Is HS-CRP useful in identifying a subset of normal-weight women with higher cardiovascular risk?
Abstract
Due to the paucity of information on high-sensitivity C-Reactive Protein (hs-CRP) identifying an at-risk group of non-obese individuals with a higher risk of subclinical atherosclerosis, we decided to evaluate hs-CRP identifying cardiovascular risks on inflammatory obesity phenotypes. We studied 154 women aged 20–35 years. Inflammatory status was defined as a serum hs-CRP level ≥2 mg/L. Individuals were grouped according to inflammatory obesity phenotypes: 1) IHNW: inflammatory healthy normal weight, 2) IUNW: inflammatory unhealthy normal weight, 3) IHO: inflammatory healthy obese, 4) IUO: inflammatory unhealthy obese. Body composition was significantly better in the IHO group compared to the IUO group(P<0.001), except for lean body mass in the left and right leg. After adjustment for covariates, the IHNW and IUNW had significant differences in hs-CRP, FBS and lipid profile(P<0.05).

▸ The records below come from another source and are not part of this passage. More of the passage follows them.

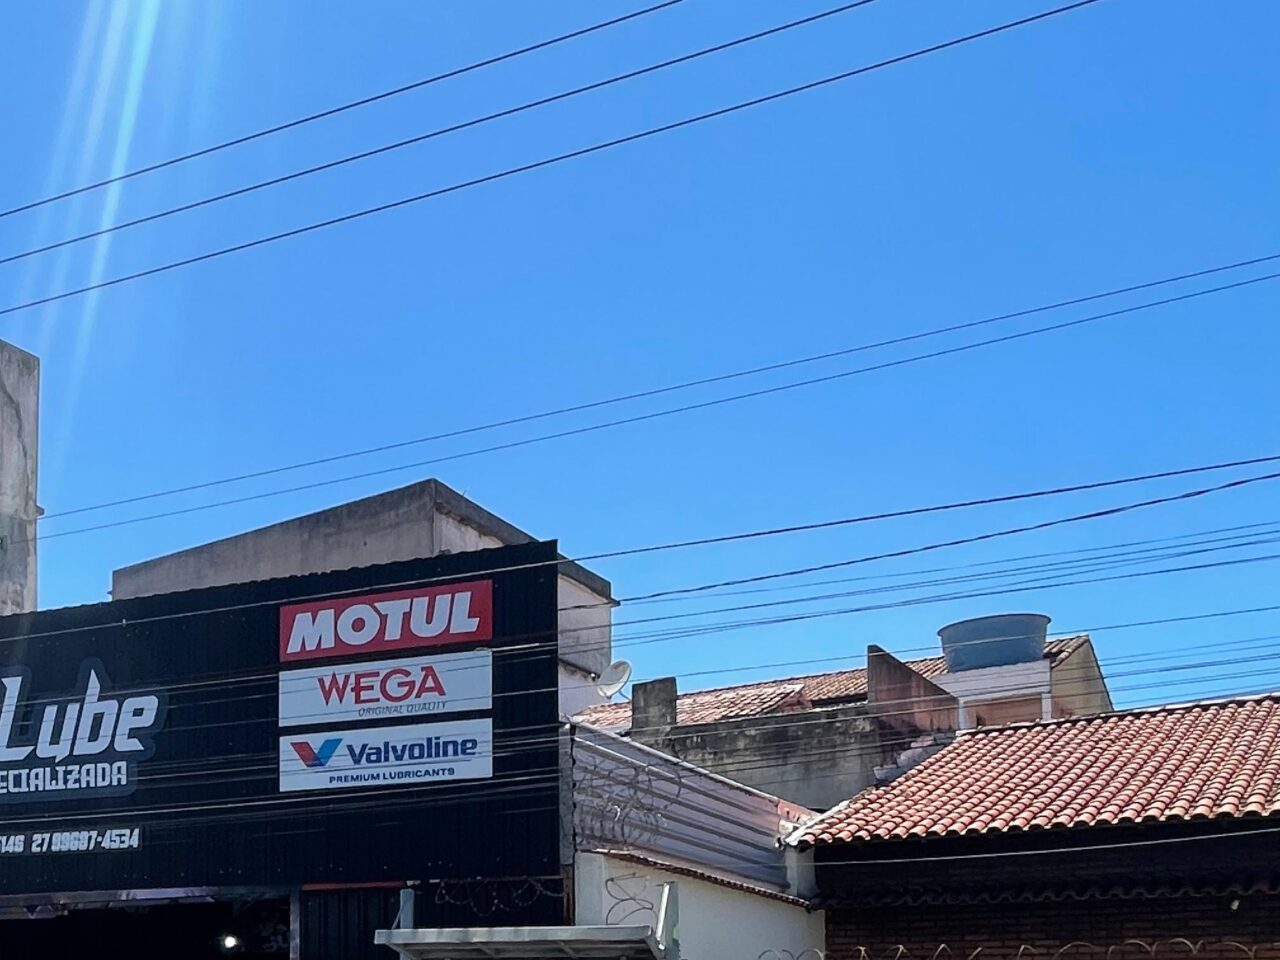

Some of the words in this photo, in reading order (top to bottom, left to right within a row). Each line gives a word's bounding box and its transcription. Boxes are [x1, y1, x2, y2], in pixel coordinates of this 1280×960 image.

[286, 591, 480, 654] MOTUL
[318, 665, 447, 706] WEGA
[358, 704, 403, 718] ORIGINAL
[406, 701, 448, 715] QUALITY
[346, 736, 478, 766] Valvoline
[329, 771, 380, 784] PREMIUM
[382, 766, 455, 781] LUBRICANTS
[31, 832, 50, 853] 27
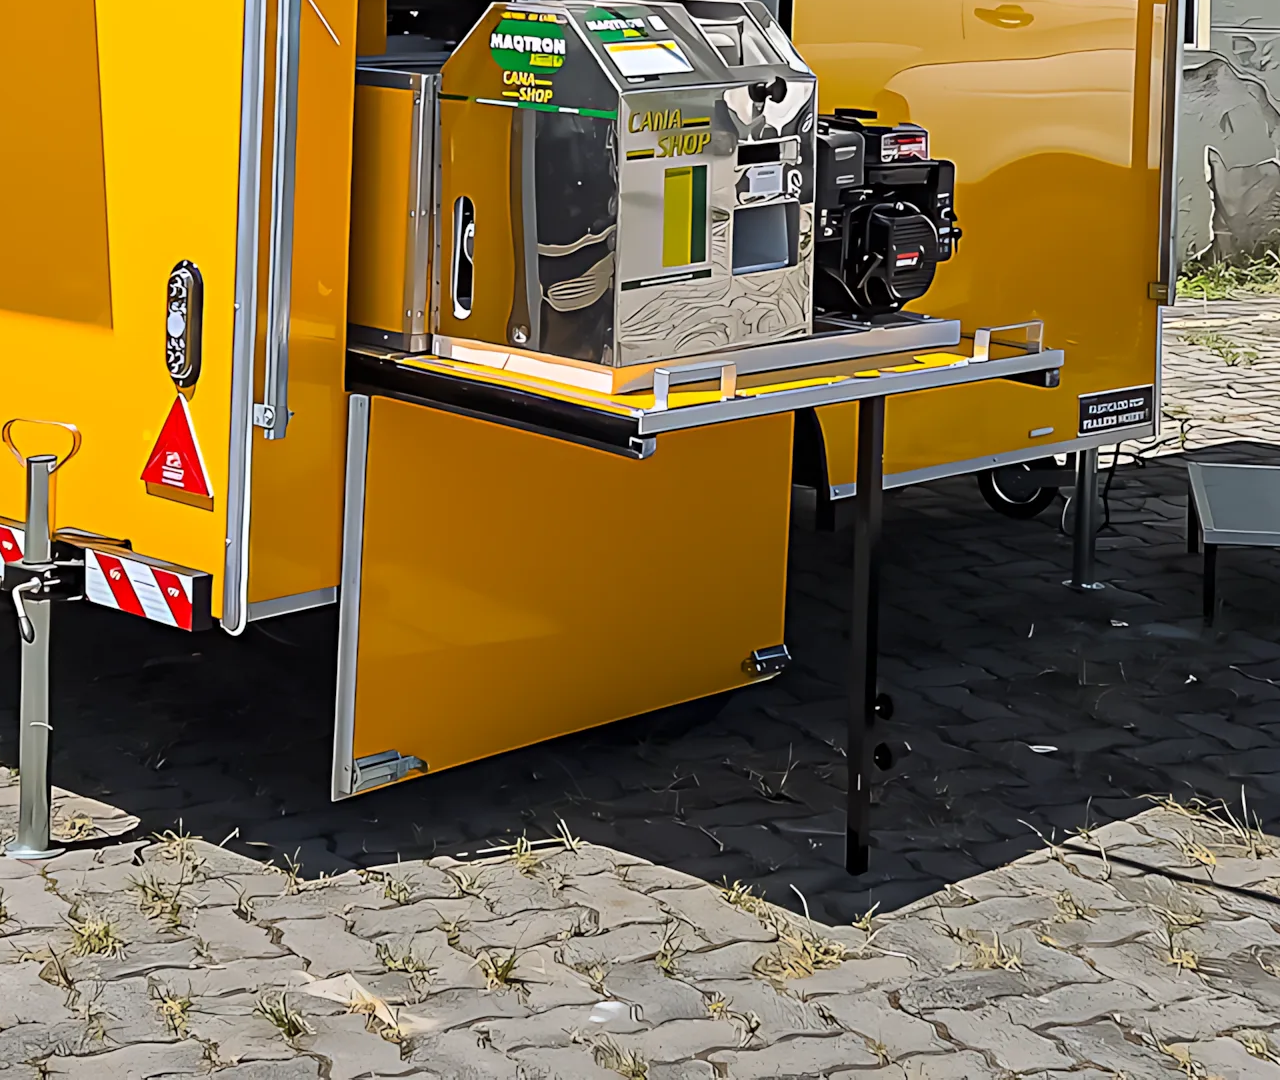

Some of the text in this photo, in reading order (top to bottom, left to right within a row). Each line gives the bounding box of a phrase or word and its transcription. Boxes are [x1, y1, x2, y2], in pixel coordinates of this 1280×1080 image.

[490, 32, 566, 55] MAQTRON
[519, 86, 553, 103] SHOP
[628, 108, 682, 134] CANA
[656, 132, 712, 158] SHOP
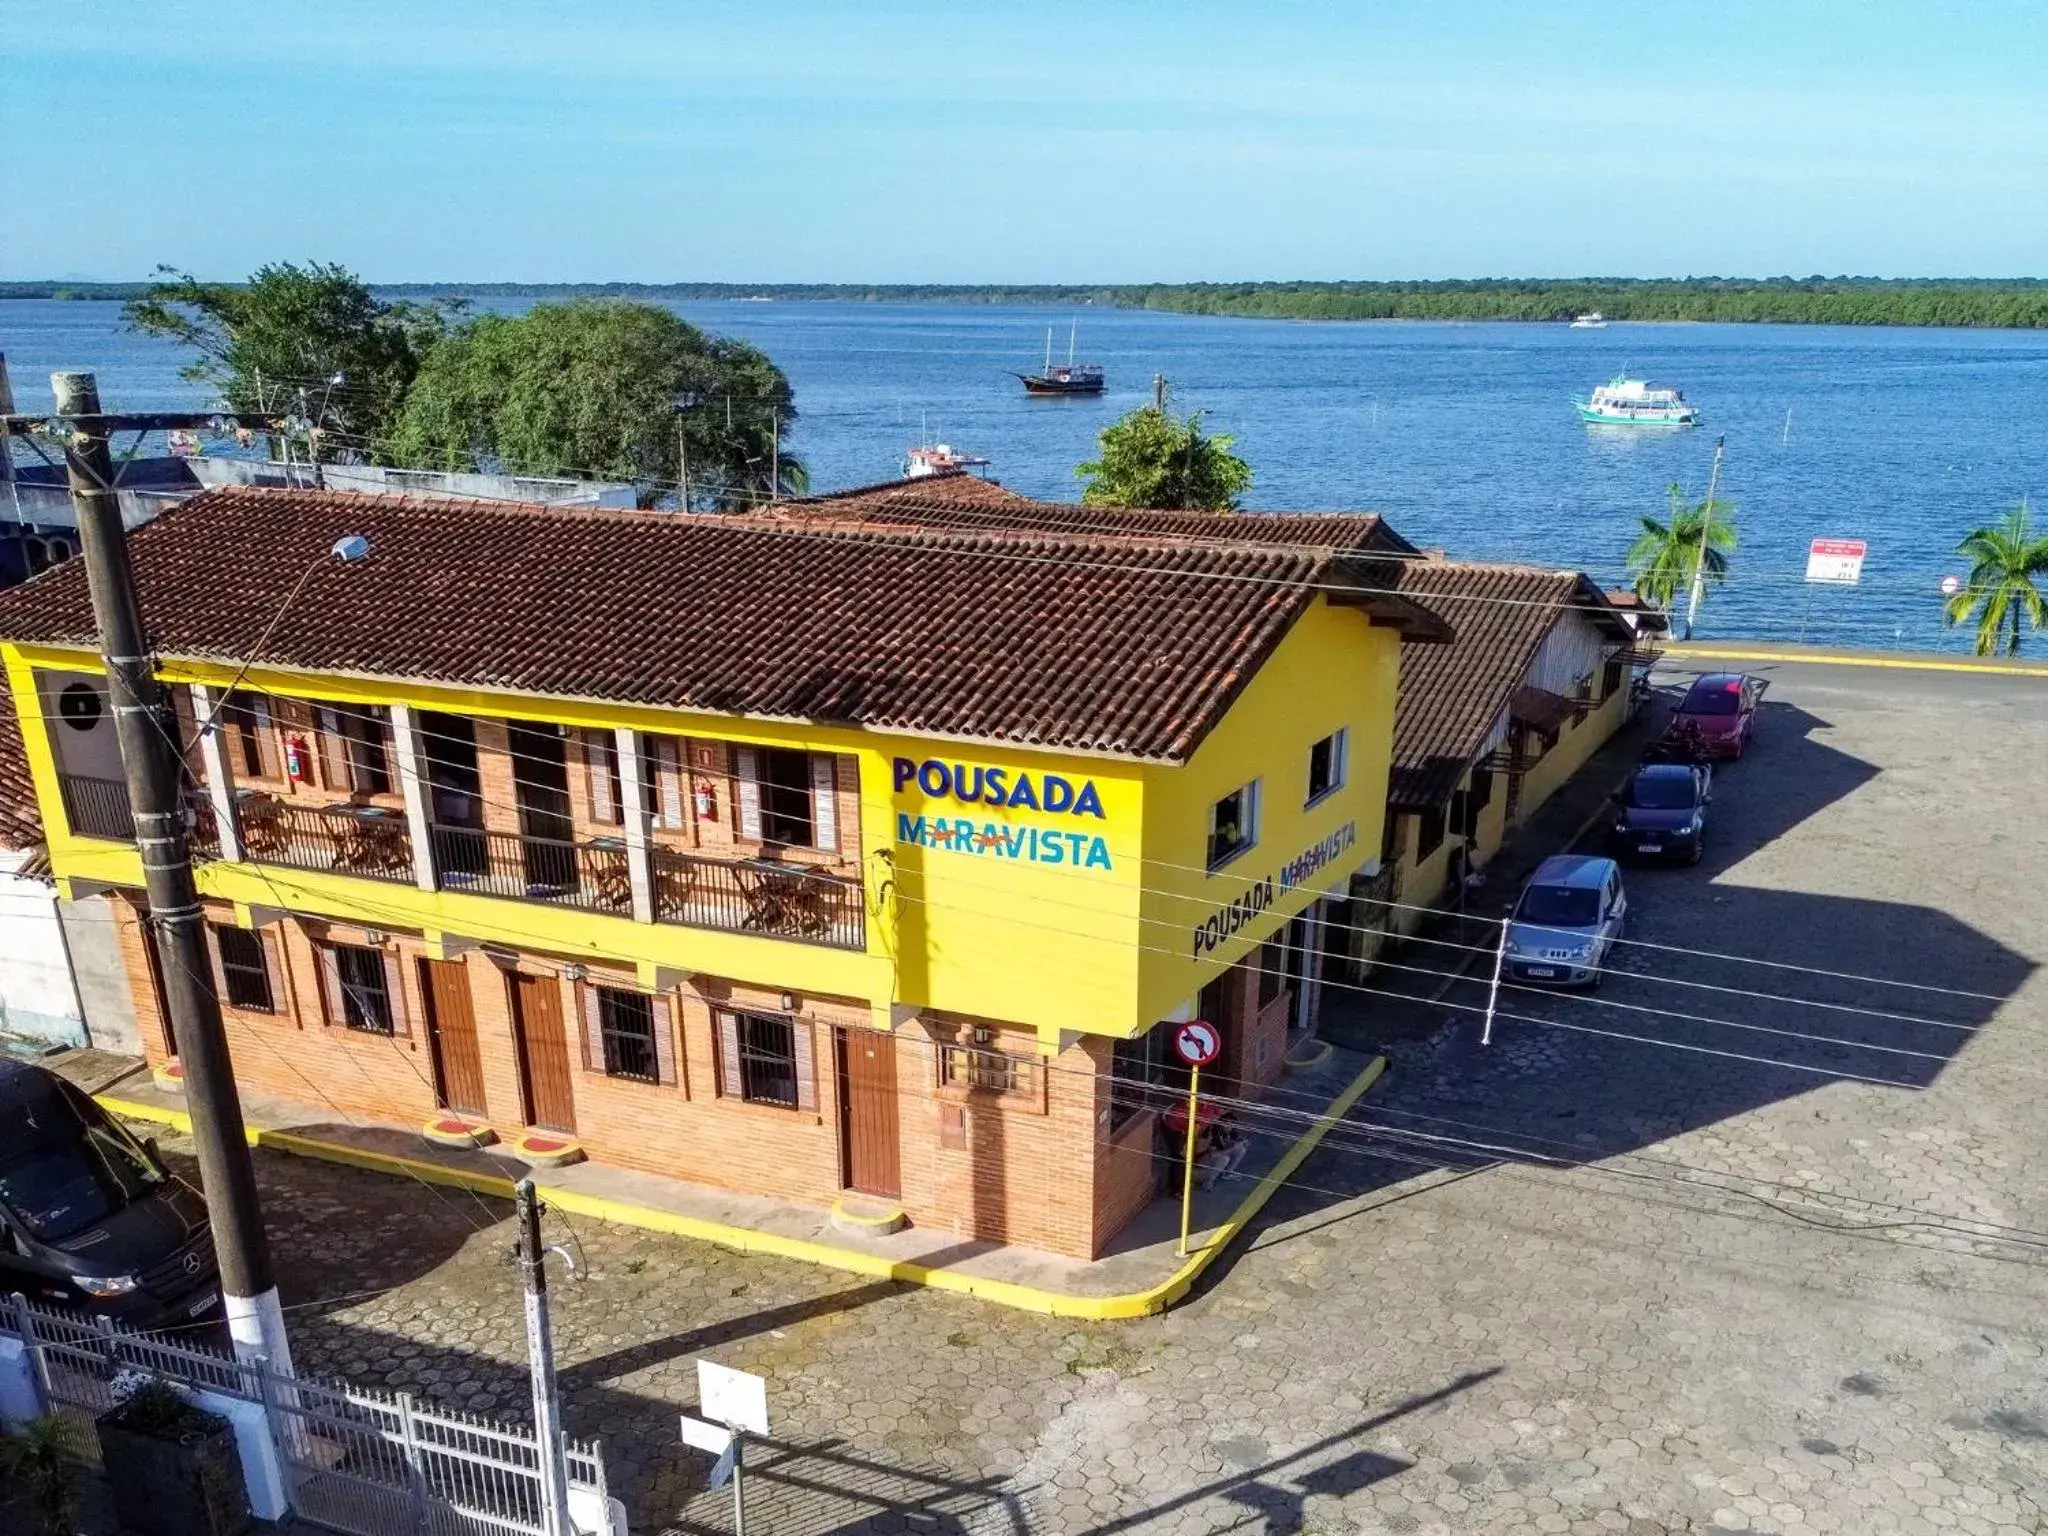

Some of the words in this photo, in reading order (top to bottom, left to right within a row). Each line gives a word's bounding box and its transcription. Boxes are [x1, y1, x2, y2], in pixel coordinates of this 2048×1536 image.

[893, 757, 1106, 819] POUSADA
[898, 813, 1112, 870] MARAVISTA
[1194, 875, 1274, 962] POUSADA
[1280, 821, 1356, 897] MARAVISTA
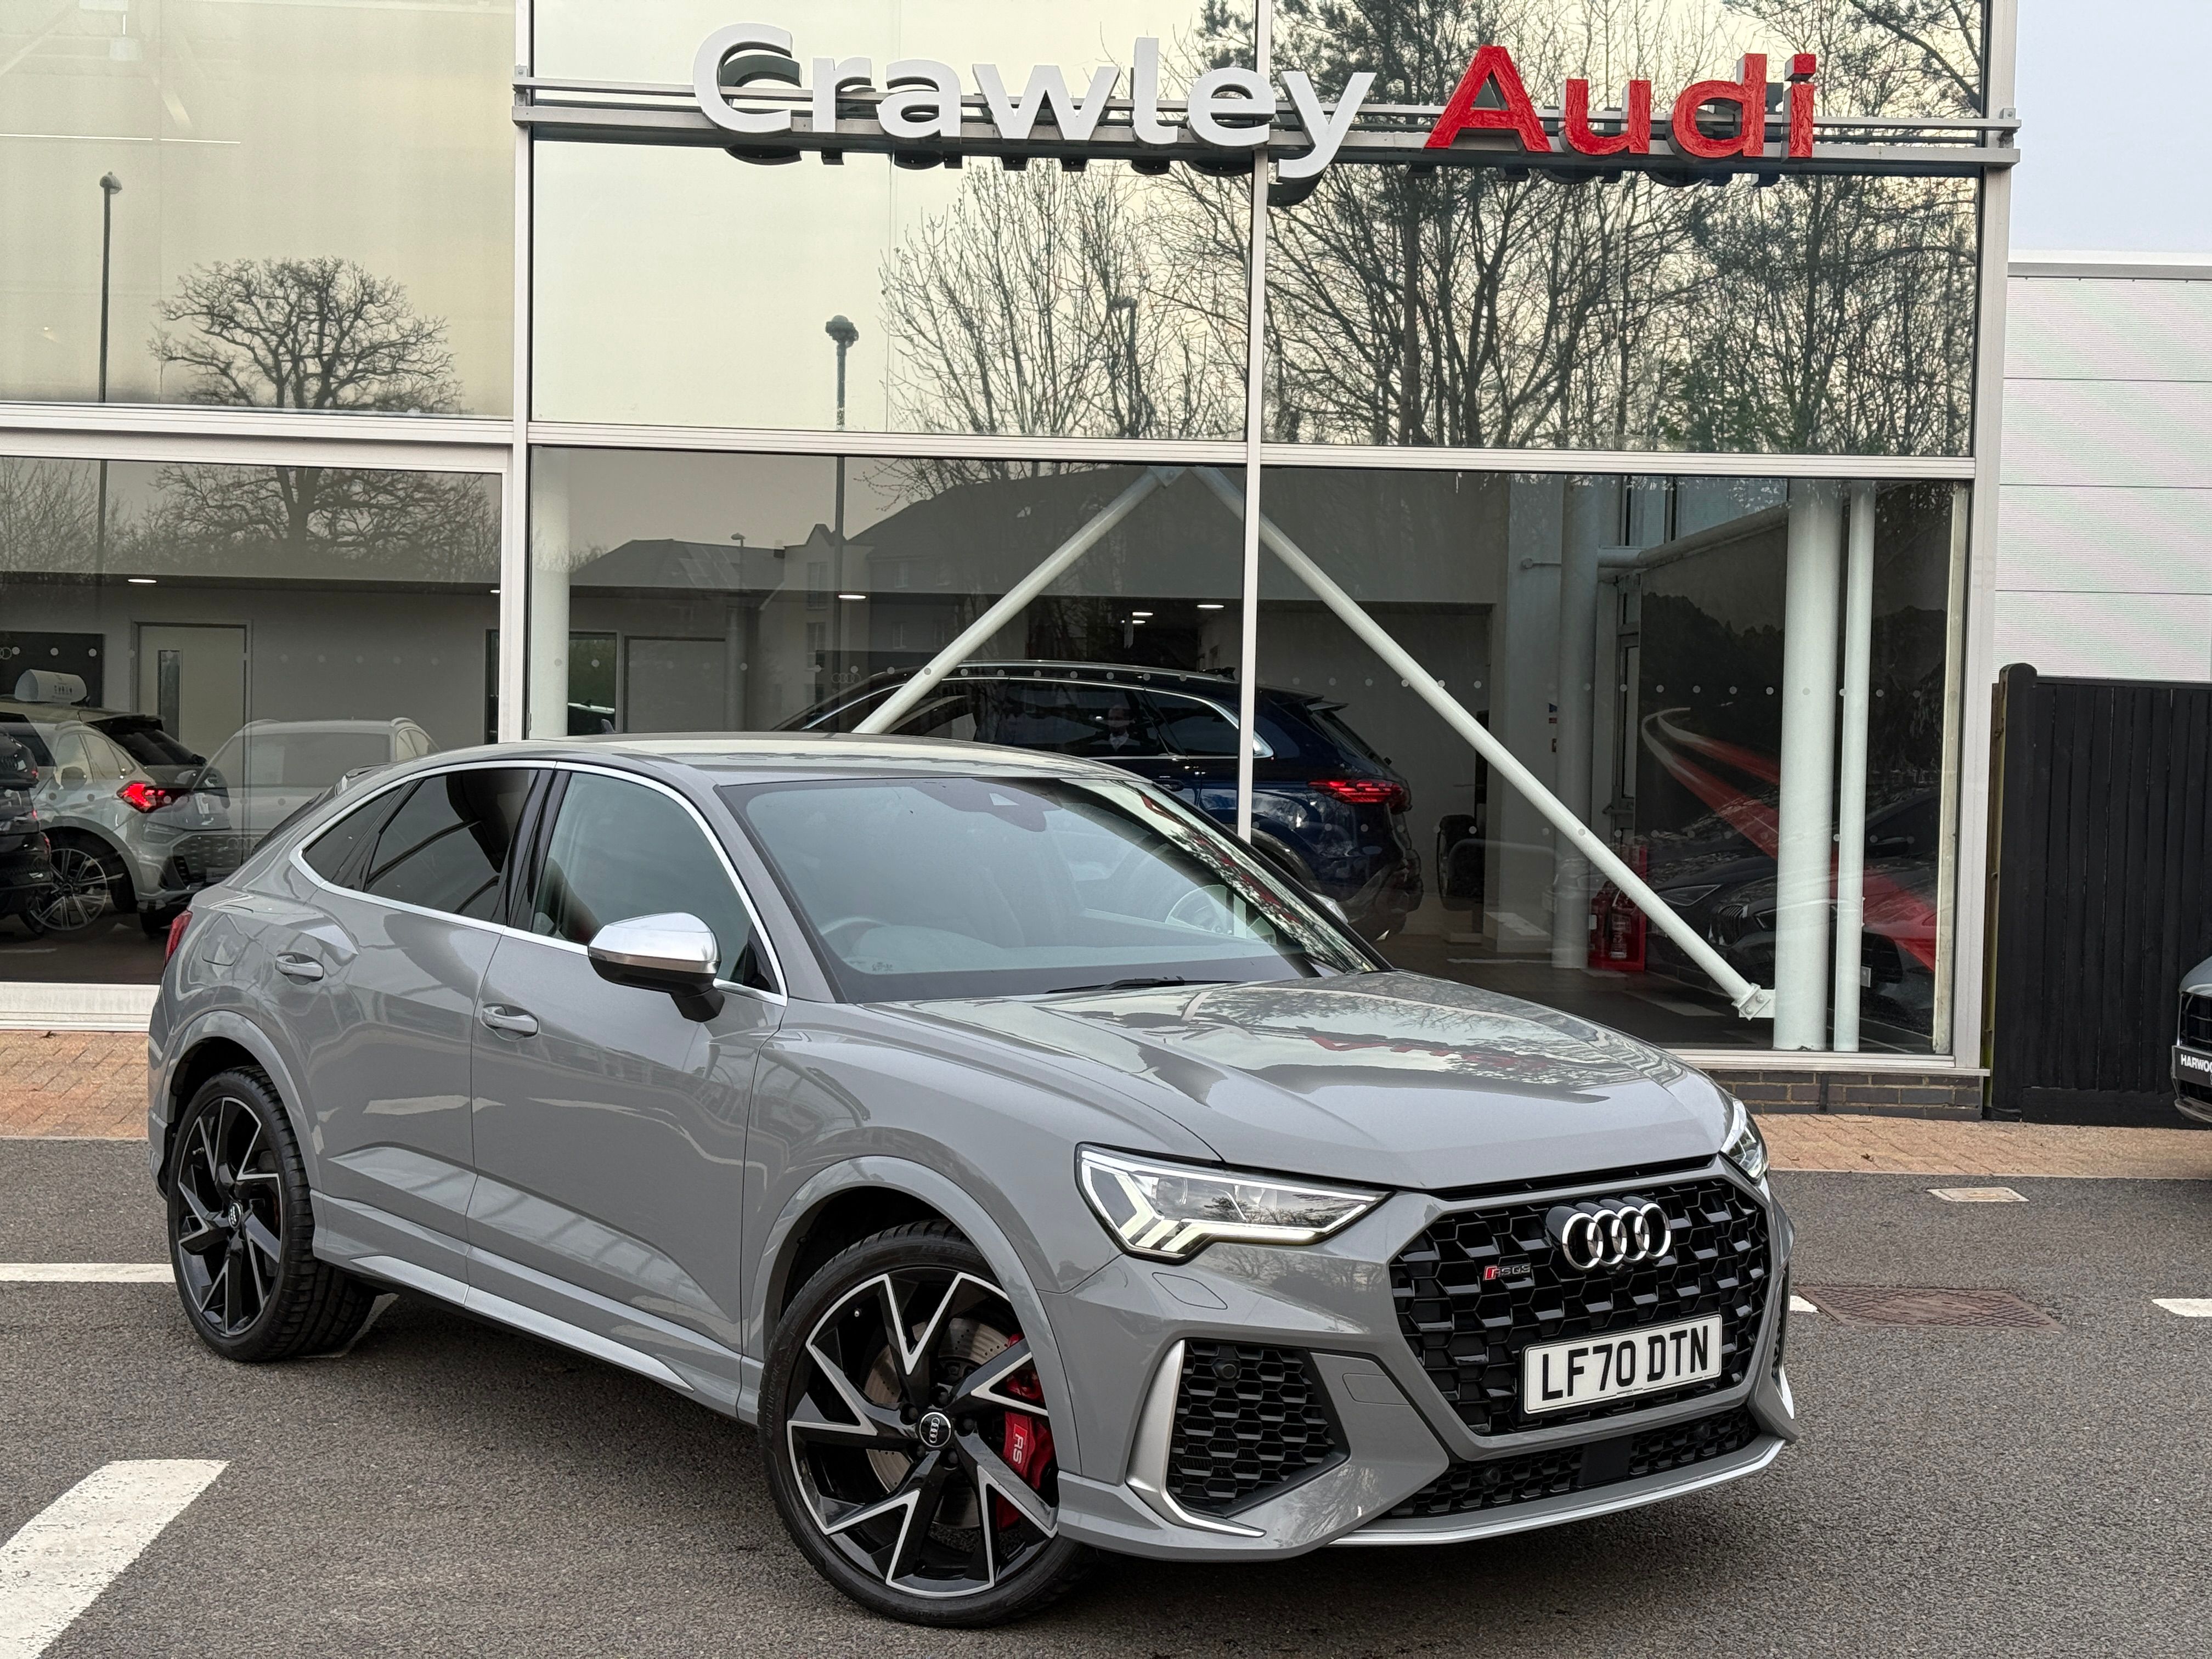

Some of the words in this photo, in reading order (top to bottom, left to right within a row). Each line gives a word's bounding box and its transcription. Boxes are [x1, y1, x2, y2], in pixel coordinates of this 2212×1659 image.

[693, 22, 1376, 179] Crawley
[1421, 45, 1816, 160] Audi
[1542, 1340, 1636, 1401] LF70
[1647, 1325, 1708, 1382] DTN
[1013, 1429, 1025, 1464] RS

The IUO phenotype individuals had significantly more Cho/HDL, LDL/HDL and Atherogenic Index of Plasma(P<0.05). Moreover, the HOMA-s percentage was significantly higher in the IHO group compared to the IUO group. In conclusion, hsCRP ≥2 mg/L is useful in identifying a subset of obese and non-obese women with higher CVD risk. High hs-CRP, in the absence of obesity, could distinguish non-obese subset subjects with cardiovascular risk.